> [Images for object localization]
=======

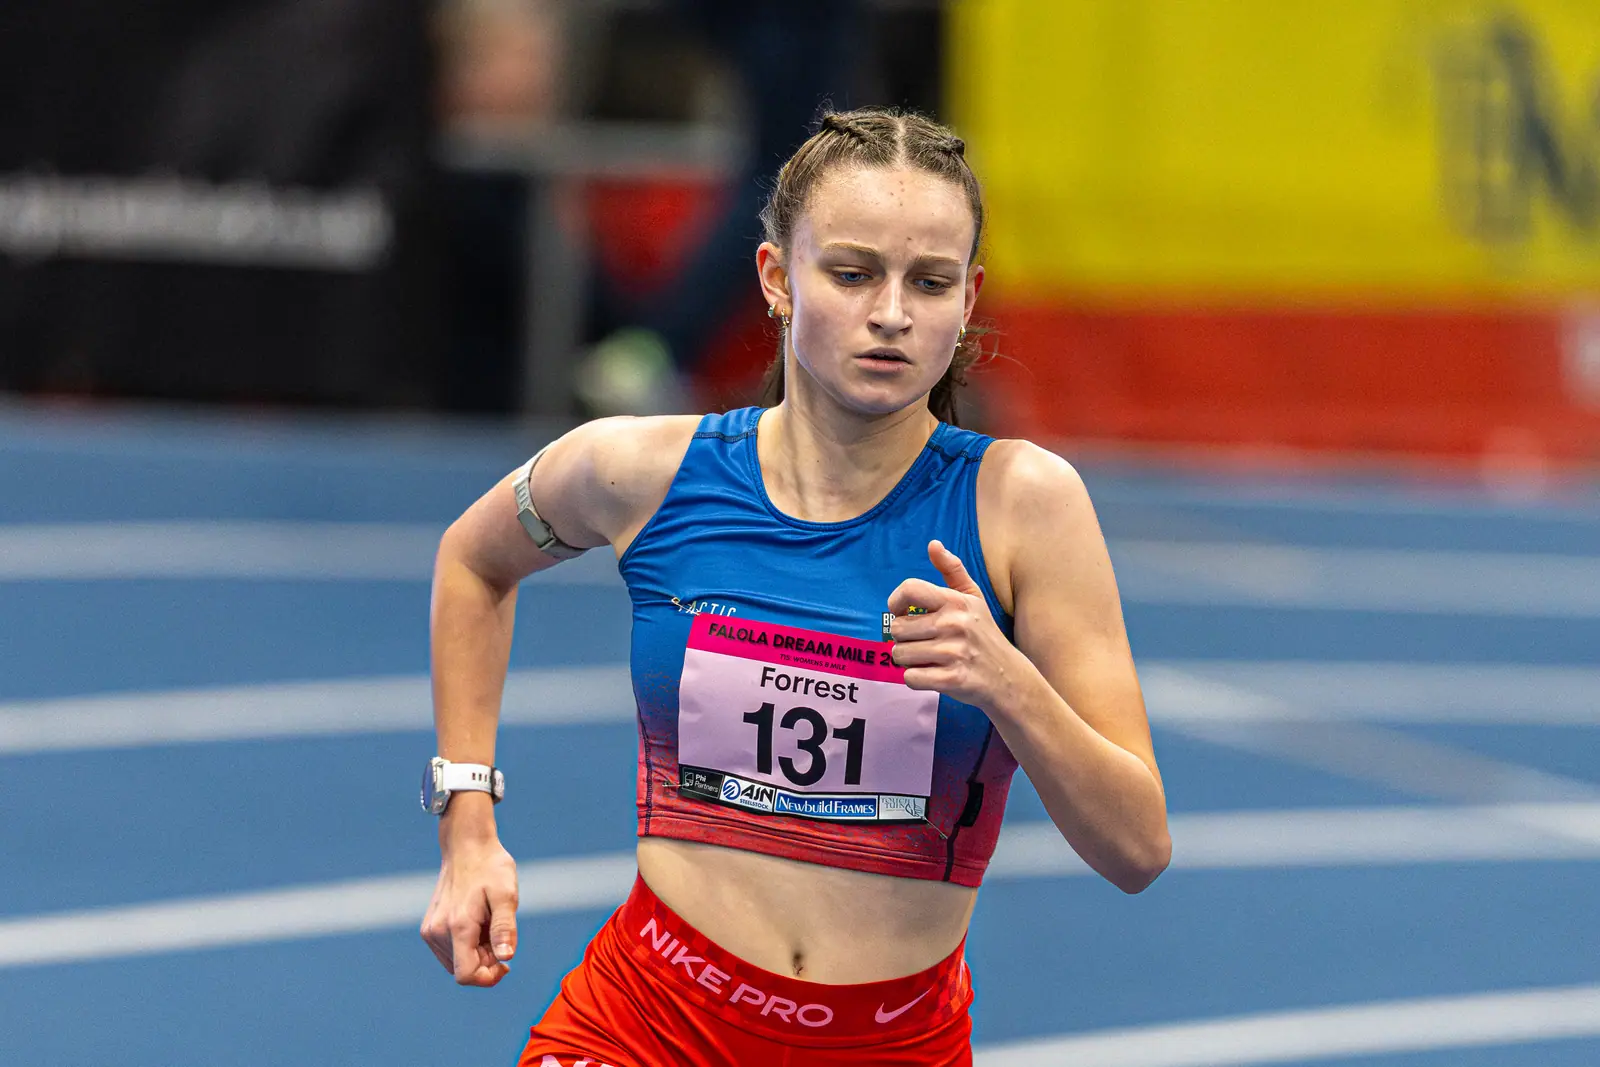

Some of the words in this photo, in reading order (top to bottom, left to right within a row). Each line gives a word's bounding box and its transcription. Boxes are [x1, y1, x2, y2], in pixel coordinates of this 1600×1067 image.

[708, 622, 769, 646] FALOLA
[772, 633, 833, 658] DREAM
[836, 645, 876, 665] MILE
[830, 663, 847, 671] MILE
[760, 666, 859, 704] Forrest
[742, 702, 867, 787] 131
[694, 781, 719, 793] Partners
[695, 773, 707, 783] Phi
[739, 798, 769, 811] STEELSTOCK
[639, 917, 732, 995] NIKE
[729, 983, 834, 1028] PRO

=======

> [Your task] Since the pictures don't belong in the copy, copy only the rest of the entries above exactly.

> [Answer to this task]
Some of the words in this photo, in reading order (top to bottom, left to right within a row). Each line gives a word's bounding box and its transcription. Boxes are [x1, y1, x2, y2], in pixel coordinates of this 1600×1067 image.

[708, 622, 769, 646] FALOLA
[772, 633, 833, 658] DREAM
[836, 645, 876, 665] MILE
[830, 663, 847, 671] MILE
[760, 666, 859, 704] Forrest
[742, 702, 867, 787] 131
[694, 781, 719, 793] Partners
[695, 773, 707, 783] Phi
[739, 798, 769, 811] STEELSTOCK
[639, 917, 732, 995] NIKE
[729, 983, 834, 1028] PRO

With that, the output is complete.